One of the topics illustrated in the fifth chapter is “moral upbringing”. Maya’s life is greatly influenced by Momma (her grandmother), who comes out as wise, loving, very understanding and kind person that holds no grudges. Therefore, she tries to teach Maya and Bailey the virtues of goodness, morality and pride. She also teaches them not to be ashamed of their race (black) and class (poor). When three white girls (Miz Ruth, Miz Helen and Miz Eloise) make fun of Momma, Maya becomes indignant. However, her grandmother disapproves of this as she feels that the girls are probably ignorant. Unlike her grandchild, she forgives them. Maya is certainly touched by her gesture and piety, which she feels make her grandmother beautiful. Momma has a heart big enough to accommodate even smaller ones, regardless of color and behavior. Maya draws on this. Her reactions to the taunts of the white girls certainly show a good role model, not only to Maya and Bailey but to all people (TheBestNotes).
Chapter six illustrates hypocrisy, especially on the part of people who should be teaching children and youth good morals. This is exemplified by Reverend Thomas, who always came to their house to spend a Saturday night. He is obese and ugly and he insists on hugging Bailey, rather than shaking his hand. The children hated him for this. When he arrived, the children were sent away so that the adults could ‘talk’. However, Bailey, a very mischievous young man, does not go away completely. He remained to eavesdrop on that ‘conversation’. However, it becomes clear that actually the Reverend was having sexual relations. Hypocrisy can also be seen in Sister Monroe. During the sermon at the church, she runs to the pulpit and grabs Reverend Thomas. The two of them have a scuffle, and the reverend ends up losing his dentures. How can a reverend and a sister behave like this in front of the congregation, and especially the young people that need to be properly guided? Thomas was indeed an ungodly character (TheBestNotes).
Chapter seven is dedicated to Momma, her life and her struggles. This chapter illustrates the need to fight odds so as to be successful. Momma was a black woman living among the majority whites in a very racial society. However, this does not deter her. For instance, she calls herself Mrs. Henderson much to the disbelief of the whites who thought that a black woman did not warrant such a title. Indeed, the judge and the bailiff are surprised by this title during her court appearance. Nevertheless, Momma was not to be bogged down by this. This attitude makes her a hero, as from this instant she is called ‘Mrs.’ even by the whites. This earned her respect from the other blacks. This demonstrates the importance of facing challenges head-on instead of avoiding them. There is simply no mountain too high to climb (TheBestNotes).

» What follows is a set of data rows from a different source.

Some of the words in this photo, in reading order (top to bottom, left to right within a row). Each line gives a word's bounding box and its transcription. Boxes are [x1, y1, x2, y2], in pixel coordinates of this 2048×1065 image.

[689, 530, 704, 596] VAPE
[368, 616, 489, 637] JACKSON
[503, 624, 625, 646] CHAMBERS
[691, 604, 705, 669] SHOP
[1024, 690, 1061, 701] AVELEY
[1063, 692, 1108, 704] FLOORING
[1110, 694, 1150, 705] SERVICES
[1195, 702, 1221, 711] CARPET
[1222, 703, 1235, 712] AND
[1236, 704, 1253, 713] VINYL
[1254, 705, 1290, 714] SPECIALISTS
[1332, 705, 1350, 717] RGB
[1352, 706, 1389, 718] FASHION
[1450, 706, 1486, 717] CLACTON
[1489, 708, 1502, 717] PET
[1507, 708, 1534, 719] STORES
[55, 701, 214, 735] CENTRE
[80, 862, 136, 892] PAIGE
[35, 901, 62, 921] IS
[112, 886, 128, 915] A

Chapter eight illustrates the importance of parenting. Maya and Bailey were being brought up by their grandmother. Despite the hardships they were facing, she ensured that they never went hungry. She also teaches them the essential survival strategies at these hard times. As a result, Maya and Bailey had a very strong connection to her. Therefore, when their parents sent them Christmas gifts, they were upset. They had all along believed that their parents had died. The discovery that both their father and mother were still alive angered them. Maya even felt guilty that she must have really offended them for them to abandon her. This clearly demonstrates the attachment that children and the youth have to their families and the effects it has on them when they are not taken care of. Parents play a big role in the development of their children; therefore, they should not escape from their parenting duties (TheBestNotes).

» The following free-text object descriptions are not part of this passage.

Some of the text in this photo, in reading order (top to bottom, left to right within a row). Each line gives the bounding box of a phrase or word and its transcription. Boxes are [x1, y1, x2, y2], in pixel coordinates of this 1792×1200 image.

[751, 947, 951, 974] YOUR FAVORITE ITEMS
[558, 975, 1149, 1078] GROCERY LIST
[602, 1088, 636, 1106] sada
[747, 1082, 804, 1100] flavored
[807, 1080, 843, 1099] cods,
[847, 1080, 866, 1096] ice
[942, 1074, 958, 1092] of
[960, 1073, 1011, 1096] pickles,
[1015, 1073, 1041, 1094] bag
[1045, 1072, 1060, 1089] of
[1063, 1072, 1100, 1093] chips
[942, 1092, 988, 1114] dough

Chapter nine is about betrayal. While Momma, Maya and Bailey were living under poverty, they could not be helped by their father who was wealthy; he had a car, nice clothes and was probably very affluent. Maya is even intimidated by her own father. She started to act as if she was not his child. Her father encouraged this by poking fun at her. Maya feels betrayed by her own father and wishes he just goes away. At his departure, she was reluctant to leave with him. Maya’s mother was prettier than they had ever imagined, unlike her children. This simply demonstrates her betrayal as she only thought about herself. Finally, the two children felt betrayed when their father abandoned them even before that had settled into their new lives. This emphasizes the fact that their parents really did not care about them. Their right to spend time with their parents was simply ignored. This is betrayal (TheBestNotes).